Mystery Shopping
Mystery Shopping is the practice of using trained shoppers to anonymously evaluate customer service, operations, employee integrity, merchandising, and product quality and knowledge
When location, pricing, and product assortment are no longer unique, service is often the key to success or failure. It costs 10 times more to get a new customer than to keep an existing one. One unhappy customer will tell 5 other people of their bad experience with your service
What Are The Benefits of a Mystery Shopping Program?
- Monitors and measures service performance
- Improves customer retention
- Makes employees aware of what is important in serving customers
- Reinforces positive employee/management actions with incentive-based reward systems
- Provides feedback from front line operations
- Monitors facility conditions - asset protection
- Ensures product/service delivery quality.

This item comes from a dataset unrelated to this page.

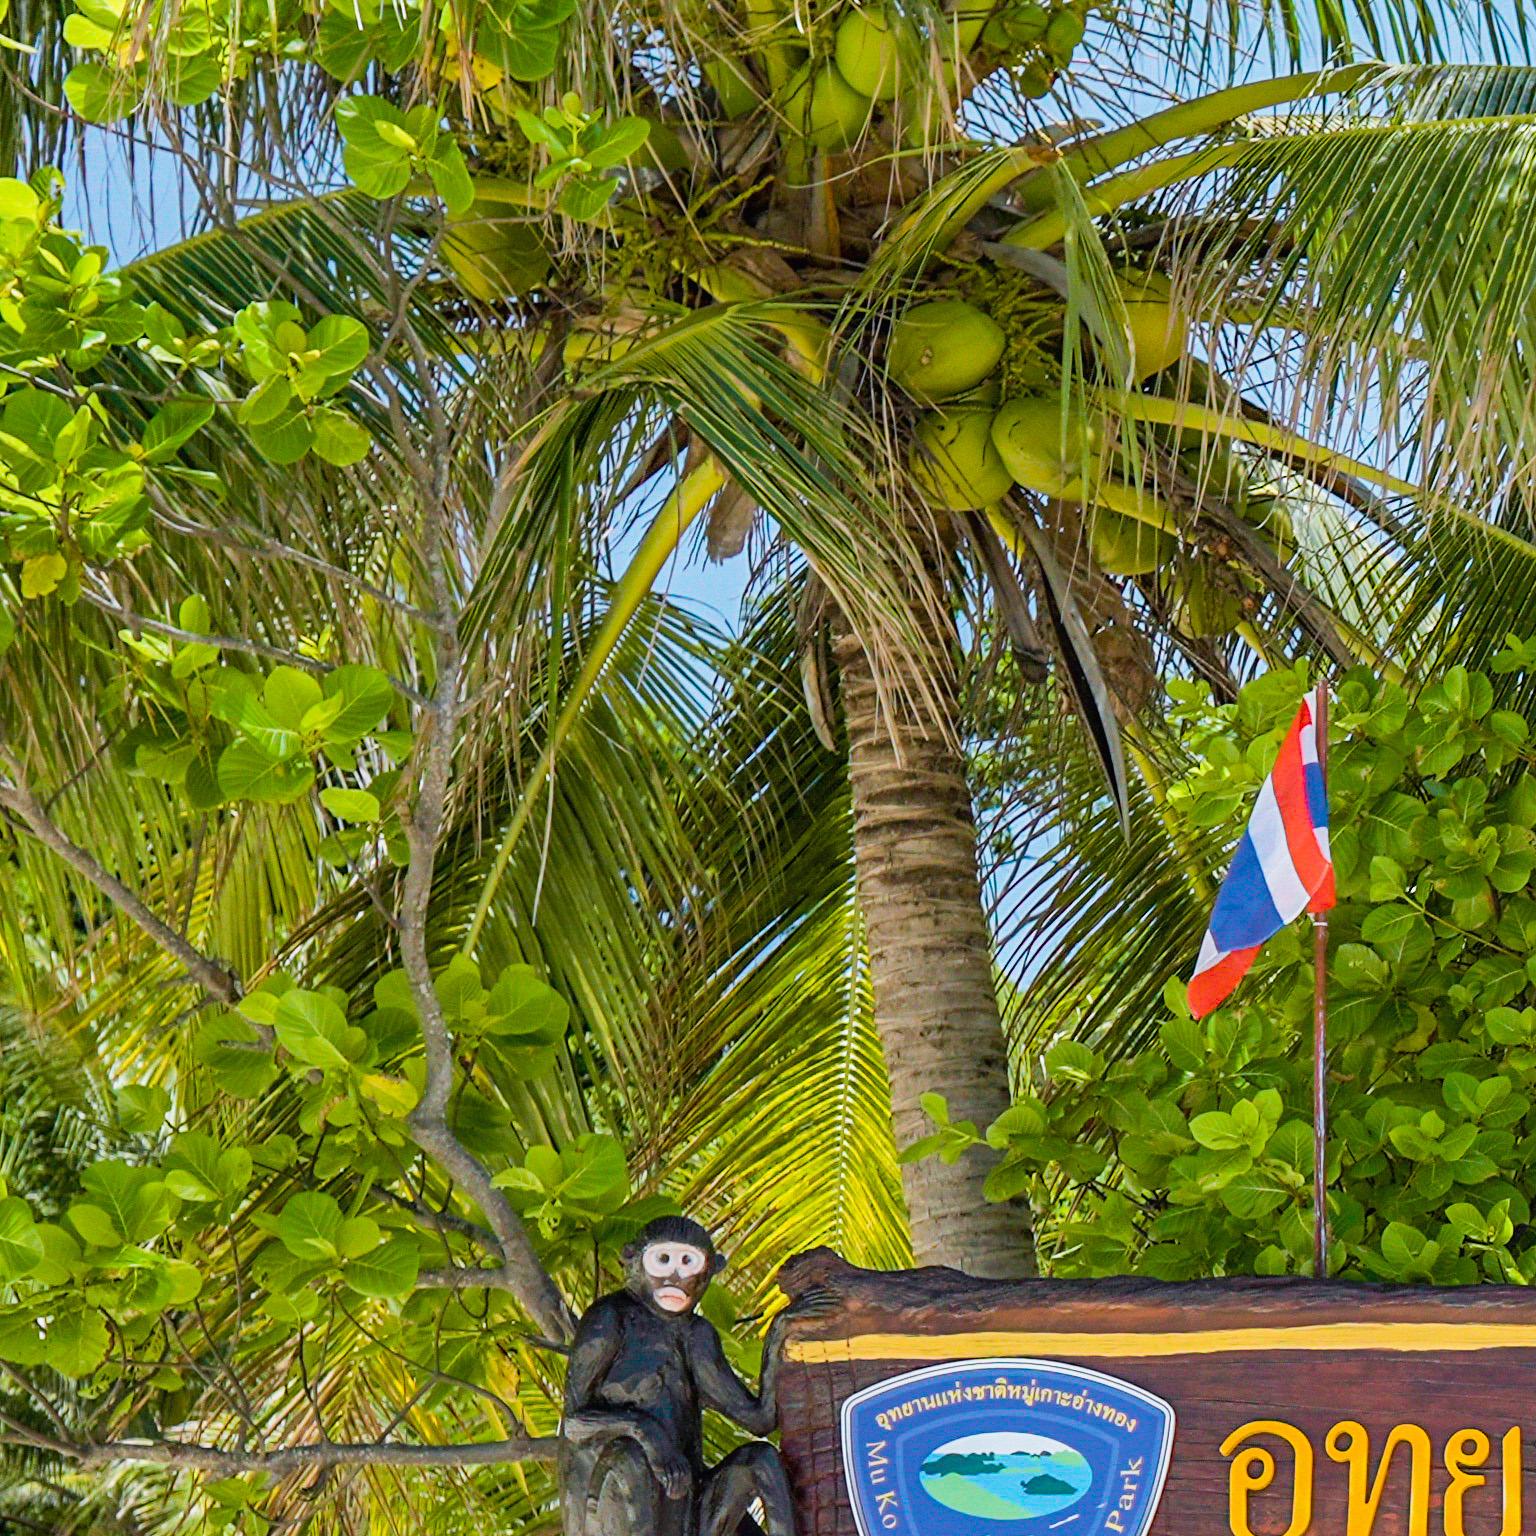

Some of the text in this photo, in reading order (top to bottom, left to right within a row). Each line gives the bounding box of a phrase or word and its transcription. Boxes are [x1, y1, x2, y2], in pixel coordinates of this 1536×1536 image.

Supports promotional programs- Audits pricing & merchandising compliance
- Allows for competitive analyses
- Compliments marketing research data
- Identifies training needs and sales opportunities
- Educational tool for training & development
- Ensures positive customer relationships on the front line
- Enforces employee integrity.
Who Uses Mystery Shopping?
Hotels, Restaurants, Movie Theatres, Recreation Parks, Transportation systems, Fitness/health centers, Property management firms, Freight/courier services, And many more.
Others
Banks, Retailers, Manufacturers, Call Centers, E-Commerce services, Government agencies, Hospitals, Associations, Franchise operations, and Promotions agencies
How is Mystery Shopping Different From any other Research?
- Mystery shopping is a “cousin” to marketing research (related, but not the same)
- Mystery shopping is typically more operational in nature than marketing research and is most often used for training and incentive purposes
- Marketing research involves determining real customer and prospect opinions, perceptions, needs, and wants
- Mystery shopping fills in a gap of information between operations and marketing.
- Mystery shoppers are not real customers - they know what to evaluate before entering the store
- they may not typically visit the store they are evaluating
- Mystery shopping should not be used alone to determine customer satisfaction, it can compliment, but not replace, satisfaction research
- Mystery shopping is not predictive of every customer’s experience unless sufficient samples are taken and data analyzed in aggregate.